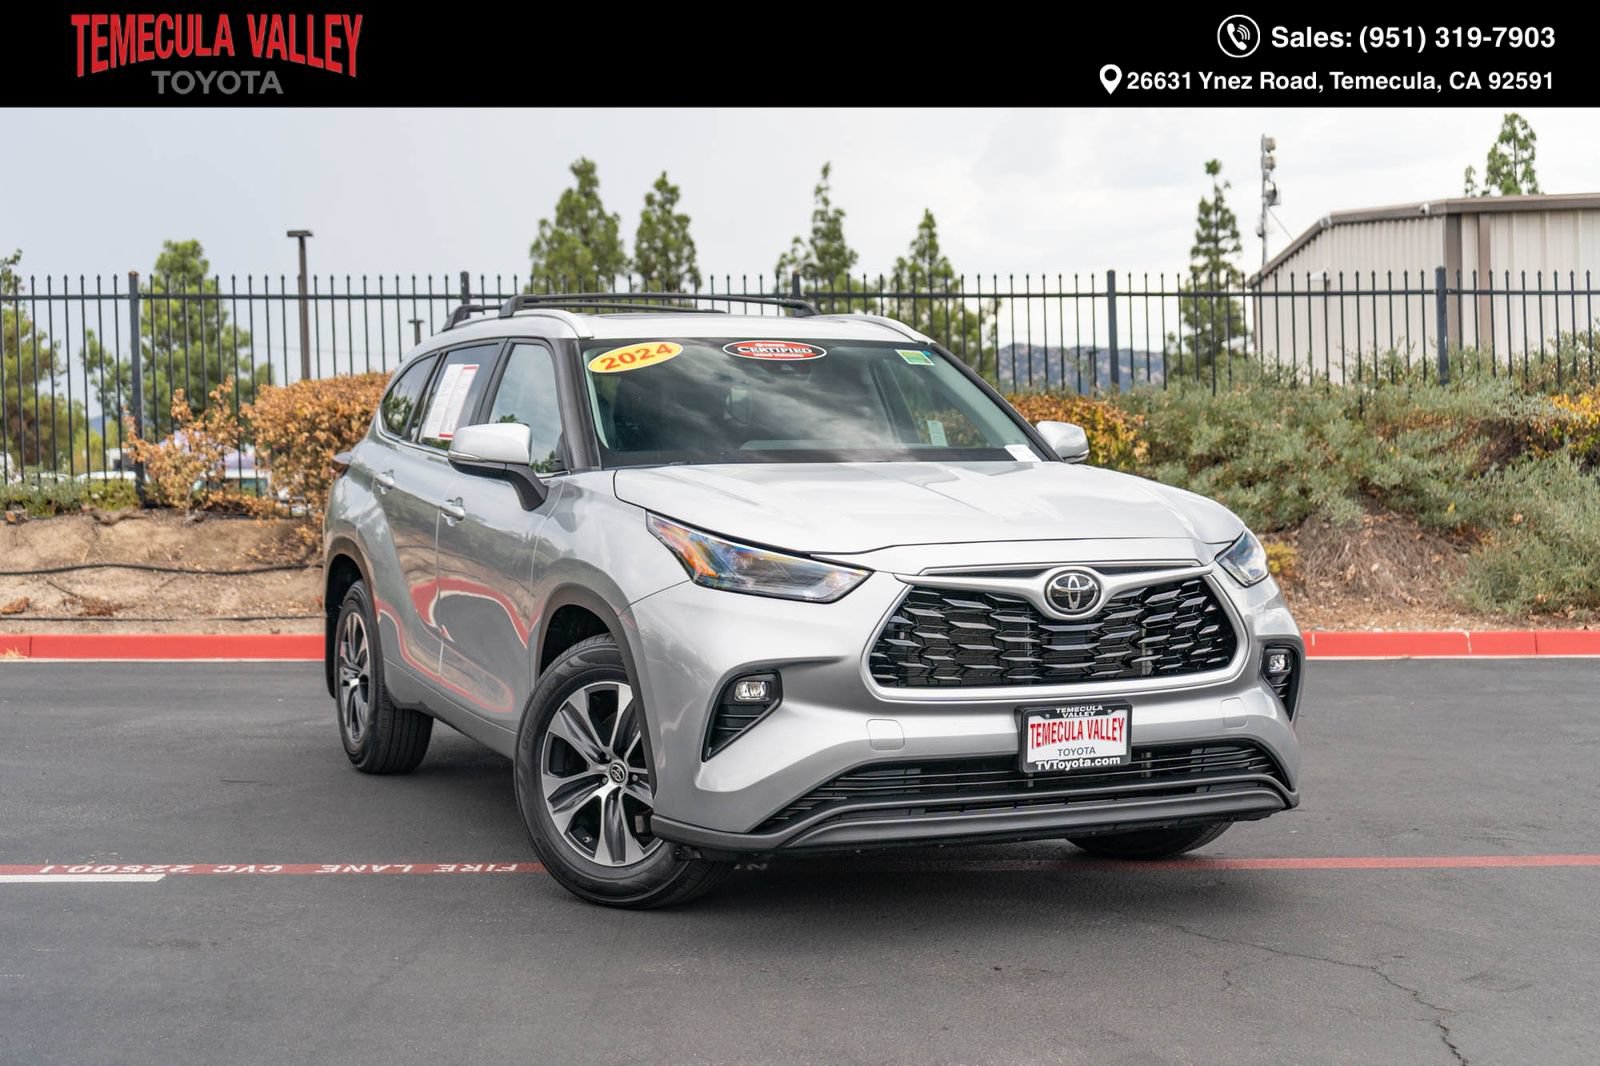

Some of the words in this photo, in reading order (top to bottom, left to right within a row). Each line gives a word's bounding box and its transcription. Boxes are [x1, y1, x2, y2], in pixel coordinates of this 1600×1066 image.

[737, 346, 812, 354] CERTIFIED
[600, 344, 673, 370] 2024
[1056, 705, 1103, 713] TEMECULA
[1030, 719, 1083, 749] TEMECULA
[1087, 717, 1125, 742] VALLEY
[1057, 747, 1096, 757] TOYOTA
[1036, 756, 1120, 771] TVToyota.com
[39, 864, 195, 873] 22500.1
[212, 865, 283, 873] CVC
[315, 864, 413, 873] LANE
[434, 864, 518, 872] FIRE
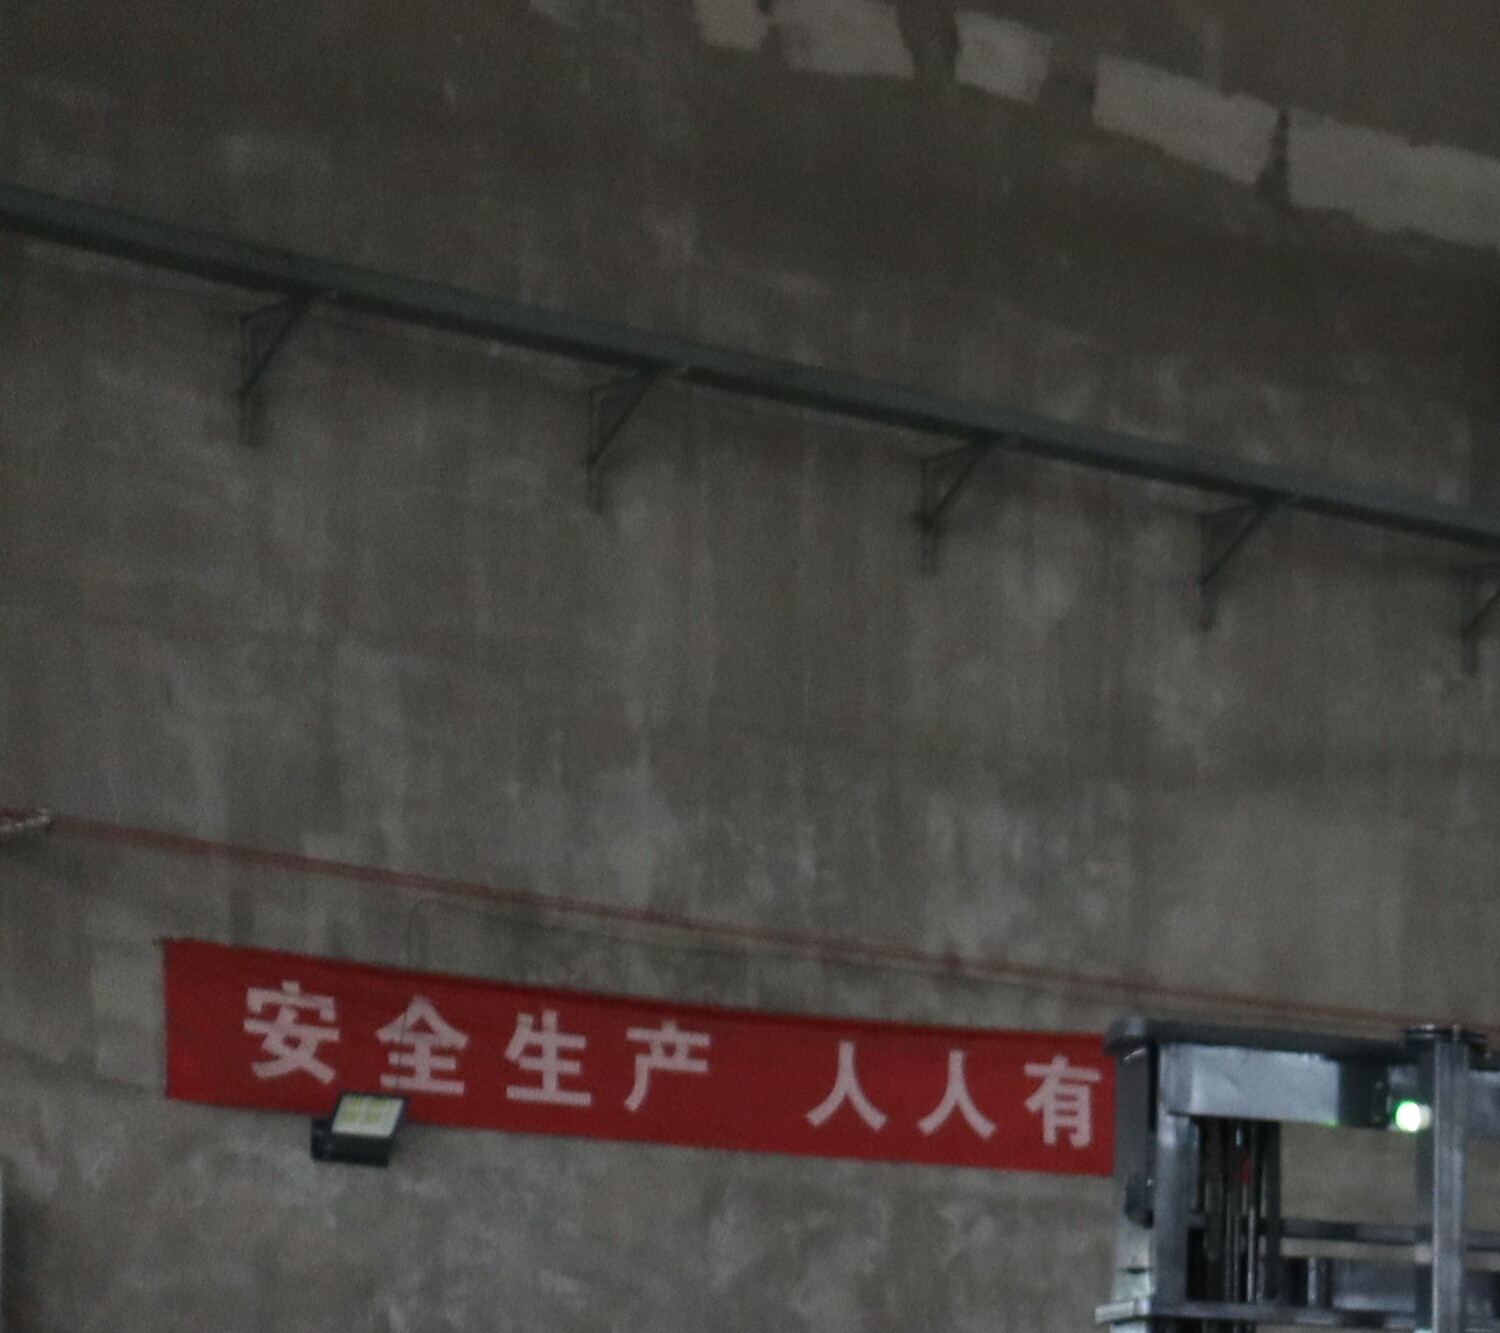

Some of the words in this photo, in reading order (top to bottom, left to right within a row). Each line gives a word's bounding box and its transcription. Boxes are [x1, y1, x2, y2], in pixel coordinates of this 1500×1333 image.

+===+

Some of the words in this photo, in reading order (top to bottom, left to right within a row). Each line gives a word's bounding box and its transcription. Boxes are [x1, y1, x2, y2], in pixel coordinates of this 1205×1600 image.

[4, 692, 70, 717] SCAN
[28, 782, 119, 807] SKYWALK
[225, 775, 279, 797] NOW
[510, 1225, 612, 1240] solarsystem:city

+===+

Try it: In the entries above, every line from the line with "this 1600×1066 image." to the line with "this 1500×1333 image." is to be printed exactly, with both ends included and pictures excluded.

Output:
Some of the words in this photo, in reading order (top to bottom, left to right within a row). Each line gives a word's bounding box and its transcription. Boxes are [x1, y1, x2, y2], in pixel coordinates of this 1600×1066 image.

[737, 346, 812, 354] CERTIFIED
[600, 344, 673, 370] 2024
[1056, 705, 1103, 713] TEMECULA
[1030, 719, 1083, 749] TEMECULA
[1087, 717, 1125, 742] VALLEY
[1057, 747, 1096, 757] TOYOTA
[1036, 756, 1120, 771] TVToyota.com
[39, 864, 195, 873] 22500.1
[212, 865, 283, 873] CVC
[315, 864, 413, 873] LANE
[434, 864, 518, 872] FIRE

Some of the words in this photo, in reading order (top to bottom, left to right within a row). Each line gives a word's bounding box and its transcription. Boxes are [x1, y1, x2, y2], in pixel coordinates of this 1500×1333 image.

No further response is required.